Photo via mubi.com.

3.5/5 Stars

Released to audiences on Oct. 22, Wes Anderson’s latest outing “The French Dispatch” features charming and quirky performances from some of the biggest names in Hollywood.

The film, with a total run time of 1 hour and 48 minutes, is composed of four short stories, each with its own unique cast of characters. Every story is told from the point-of-view of a newspaper reporter talking about an article from their respective section of travel, art, current events or food. They present their stories to the editor of the French foreign bureau of a U.S.-based newspaper. Anderson has crafted an interesting narrative, as his all-star cast is spread evenly throughout the film playing reporters, their contacts and other secondary characters. 

The first story sets the scene and features Owen Wilson as Herbsaint Sazerac giving a bicycle tour of the fictional French city, Ennui, where the bureau is based. His narrative is comical in nature, touching on what one might consider French clichés, such as an overpopulation of rats crowding the subway and cats in the streets. 

The tale features some charming sets, characteristic for an Anderson movie, beset with a blue-gray palette and yellow accents. Sazerac’s article also includes some well-rehearsed choreography, as can be seen when the city’s residents rise in the morning to flood the streets with their tedium.

The next story details the meteoric rise of imprisoned artist Moses Rosenthaler, portrayed by Benicio Del Toro. His tale, which is at times both dark and amusing, is recounted by reporter J.K.L. Berensen, played by Tilda Swinton. The story is a strange one, which usually works to Anderson’s benefit, but this particular narrative fails to captivate and can feel a tad aimless.

The next chapter in the film centers around young university students as they rally for change in the streets of Ennui. Both student Zeffirelli, played by Timothée Chalamet, and reporter Lucinda Krementz, played by Frances McDormand, give solid performances, even if the content is lacking towards the end of the piece. There are some great set pieces in this story and Anderson uses them to full effect, manipulating them by removing whole walls and structures like one does with theatrical set pieces. 

Anderson, who is known for his colorful sets and props, still brings his trademark eclectic style to this piece, but he experiments with black and white throughout the film to set the mood or switch narrators. It’s an interesting use of black and white and it feels different for each story. 

The final article is possibly the film’s best, which centers around a dramatic kidnapping tale under the guise of a food review. Jeffery Wright plays a James Baldwin-esque reporter named Roebuck Wright, who, upon an attempt to review the police commissioner’s head chef, is swept into the bedlam surrounding the kidnapping of the commissioner’s son. The script shines here, and there are some fast-paced action scenes which eventually delve into animation—an odd, but not entirely unexpected divergence for Anderson. 

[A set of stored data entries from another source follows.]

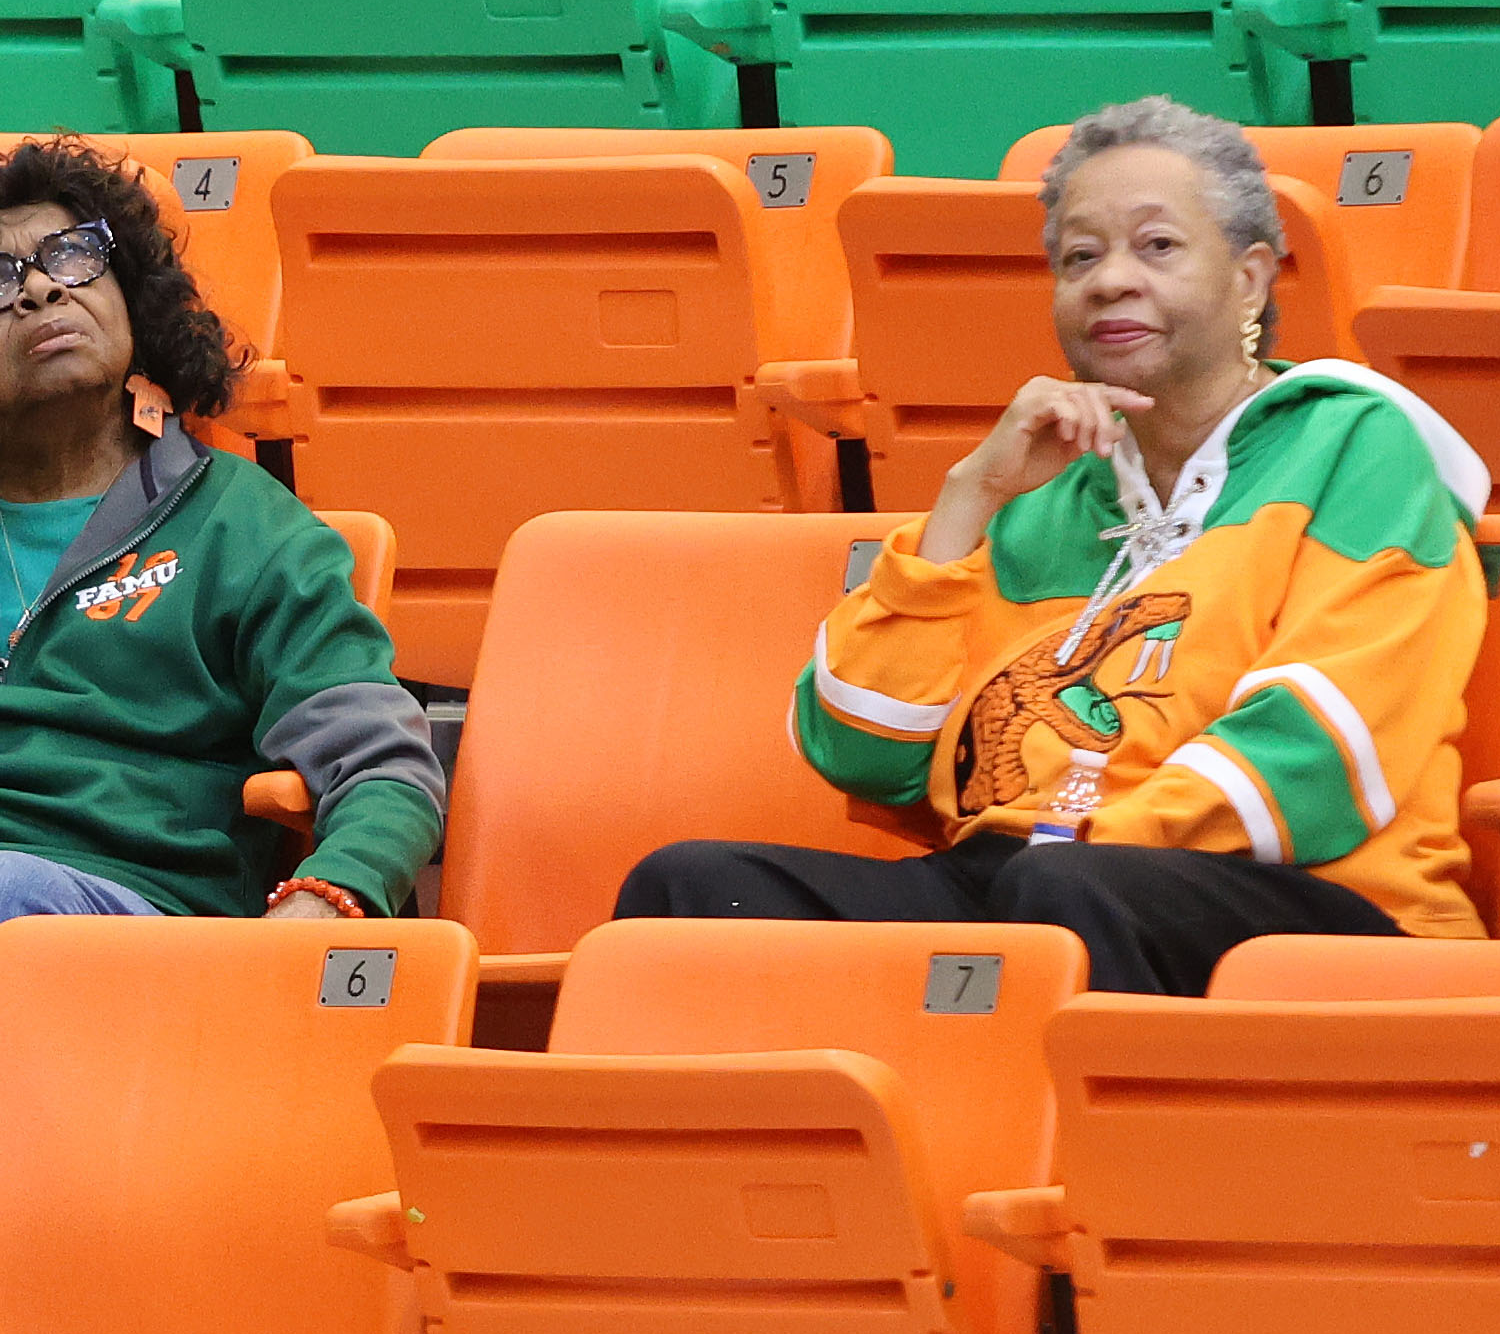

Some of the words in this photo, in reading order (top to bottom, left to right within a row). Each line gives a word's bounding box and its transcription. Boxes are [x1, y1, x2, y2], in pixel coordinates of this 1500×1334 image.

[194, 168, 212, 201] 4
[767, 164, 788, 198] 5
[1365, 161, 1384, 196] 6
[75, 558, 180, 610] FAMU
[347, 961, 367, 997] 6
[953, 965, 974, 1003] 7

Out of all the reporters, McDormand and Wright give the most compelling performances, but then again, their articles are structured around the role they play in the narrative to some degree. This presents an interesting dichotomy between the two pairs of reporters. Some are unprofessional, some inject themselves where they don’t belong and some utilize flowery prose. Ultimately, their tendencies as reporters are reflected, which is quite an achievement for Anderson to have created this level of minutiae in such brief stories. 

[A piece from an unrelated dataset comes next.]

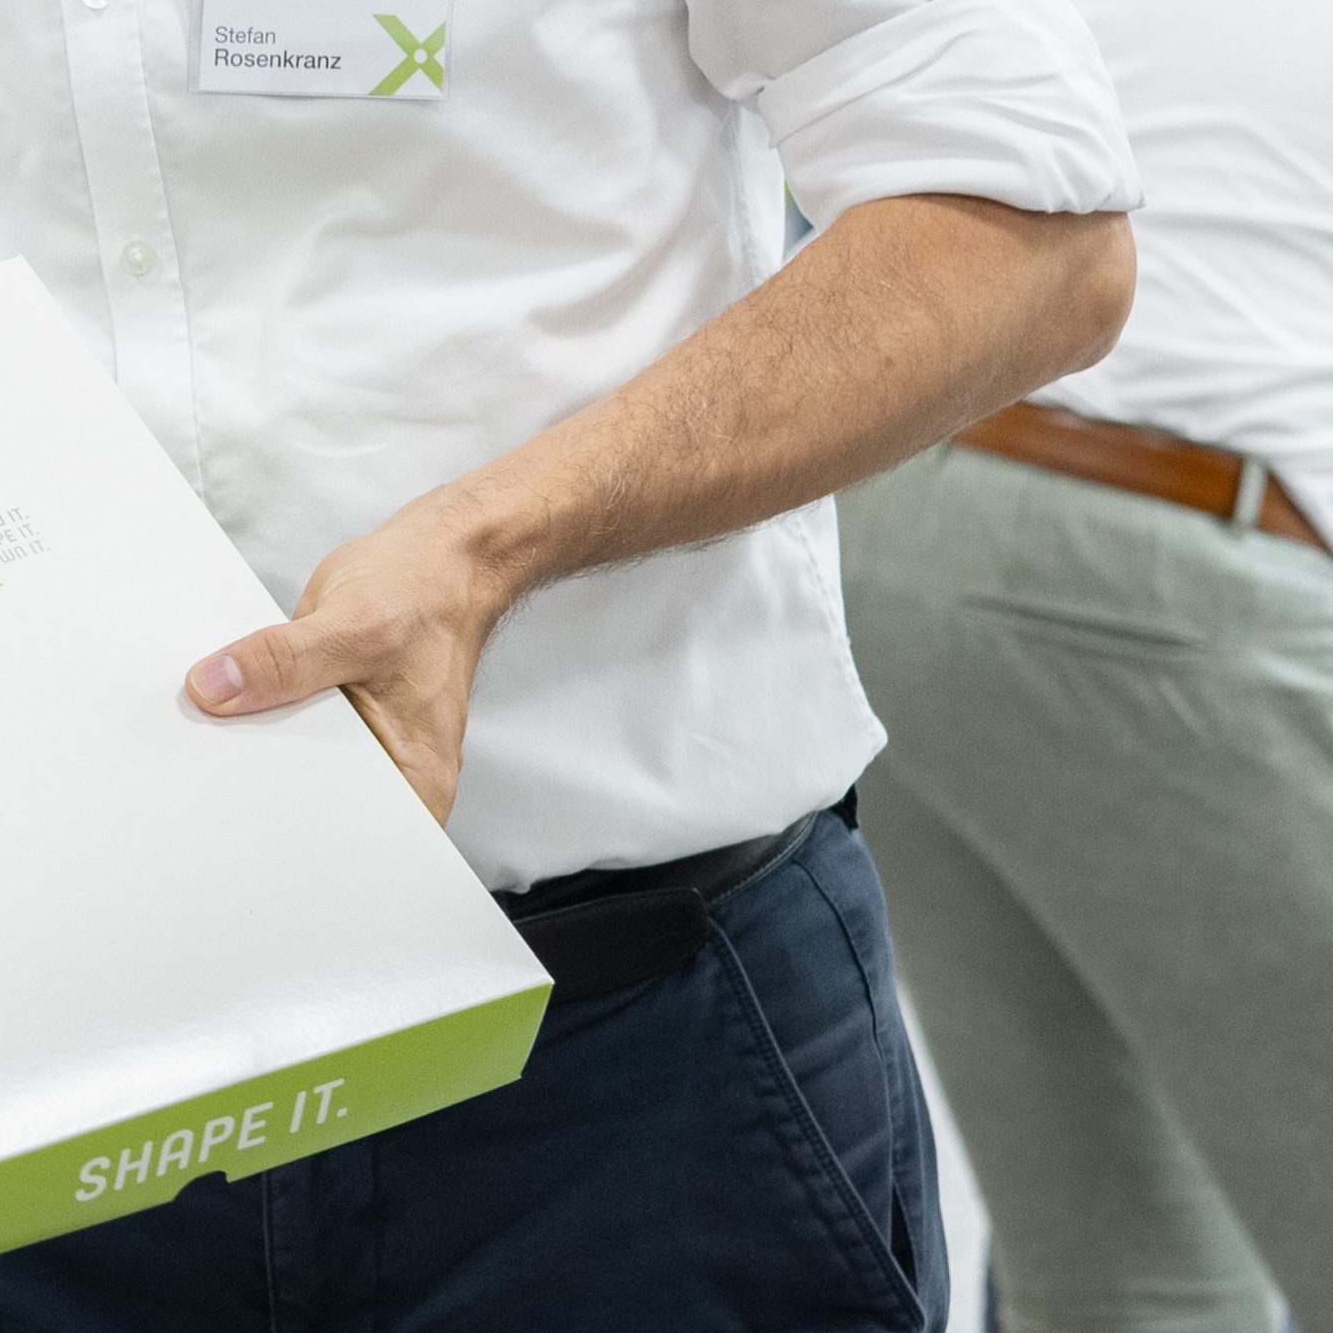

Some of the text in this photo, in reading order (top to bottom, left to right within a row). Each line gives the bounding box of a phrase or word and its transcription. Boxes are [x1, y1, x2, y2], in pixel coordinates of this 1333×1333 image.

The narratives themselves don’t neglect to entertain or further the story, but they don’t do much more than just that. The many drawbacks that present themselves with anthologies are present in this movie: a lack of depth due to short narratives and brief performances. It’s certainly one of the most well-produced and best looking anthologies put to silver screen, but it lacks an overarching theme from which it could greatly benefit.